Data under study Block Start

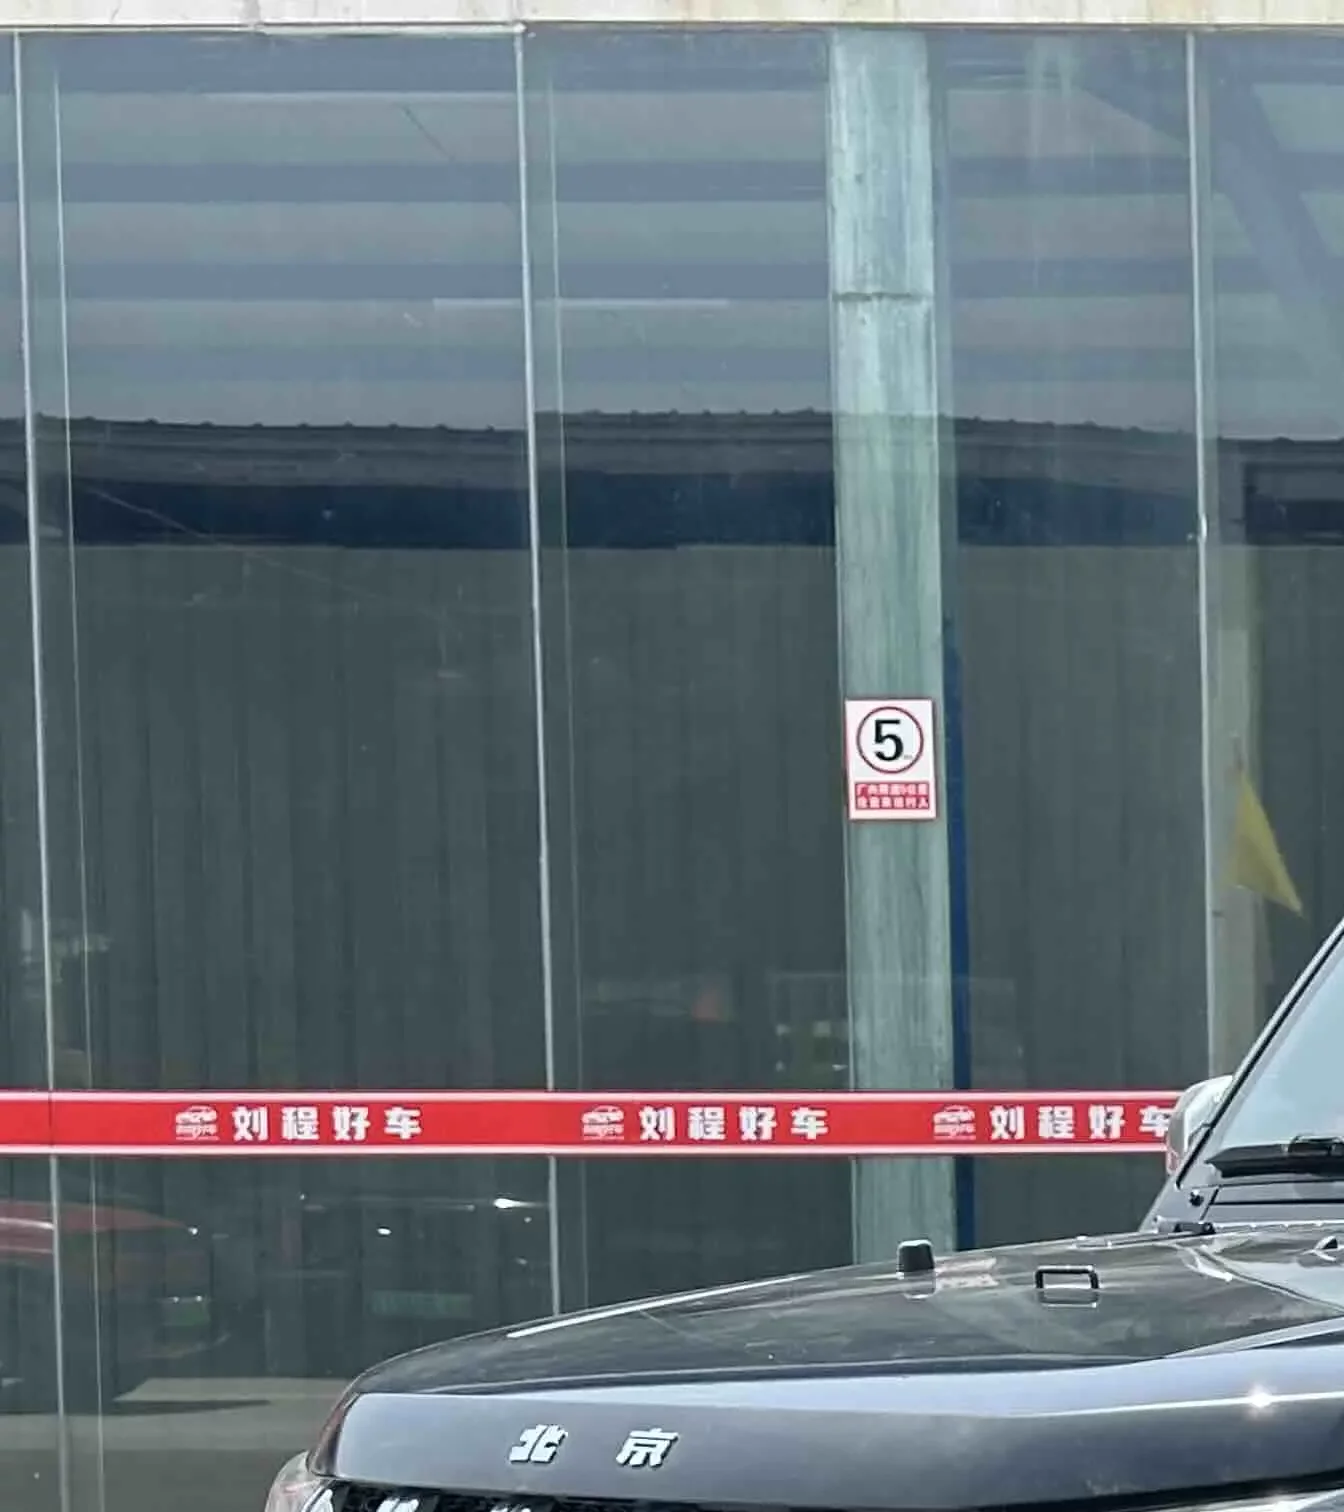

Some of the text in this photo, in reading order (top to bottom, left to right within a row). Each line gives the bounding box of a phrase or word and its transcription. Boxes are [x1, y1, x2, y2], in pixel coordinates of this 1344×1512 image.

[874, 719, 903, 761] 5
[232, 1106, 422, 1140] 刘程好车
[639, 1106, 828, 1140] 刘程好车
[990, 1105, 1174, 1140] 刘程好车
[509, 1424, 679, 1467] 北京
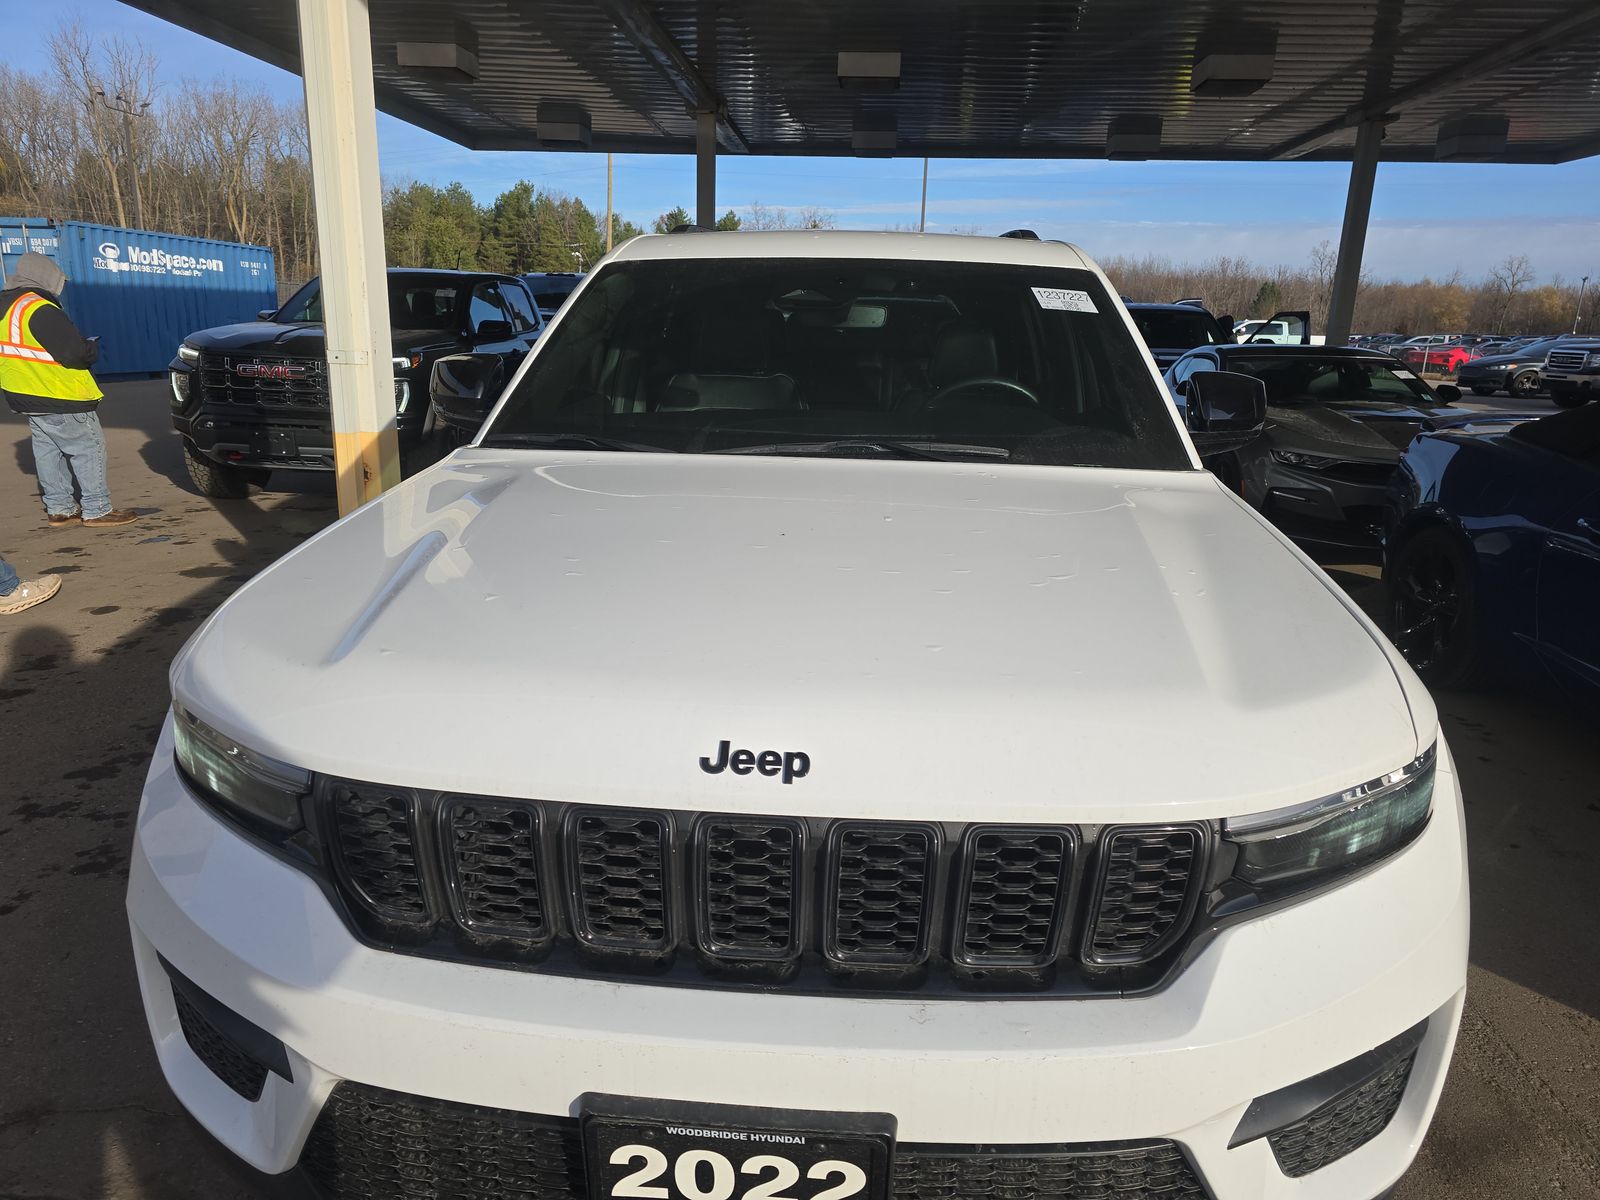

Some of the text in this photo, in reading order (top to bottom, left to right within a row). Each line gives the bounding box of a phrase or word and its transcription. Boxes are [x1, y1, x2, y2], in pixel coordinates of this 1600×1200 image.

[128, 246, 224, 273] ModSpace.com
[1037, 290, 1089, 302] 1237227
[236, 364, 305, 380] GMC
[698, 740, 811, 785] Jeep
[665, 1126, 806, 1145] WOODBRIDGE HYUNDAI
[609, 1144, 867, 1200] 2022

Data under study Block End

Your reply should be nothing but the lines from the one containing "this 1600×1200 image." through the last line above, copied exactly; please include both ends.

Some of the text in this photo, in reading order (top to bottom, left to right within a row). Each line gives the bounding box of a phrase or word and its transcription. Boxes are [x1, y1, x2, y2], in pixel coordinates of this 1600×1200 image.

[128, 246, 224, 273] ModSpace.com
[1037, 290, 1089, 302] 1237227
[236, 364, 305, 380] GMC
[698, 740, 811, 785] Jeep
[665, 1126, 806, 1145] WOODBRIDGE HYUNDAI
[609, 1144, 867, 1200] 2022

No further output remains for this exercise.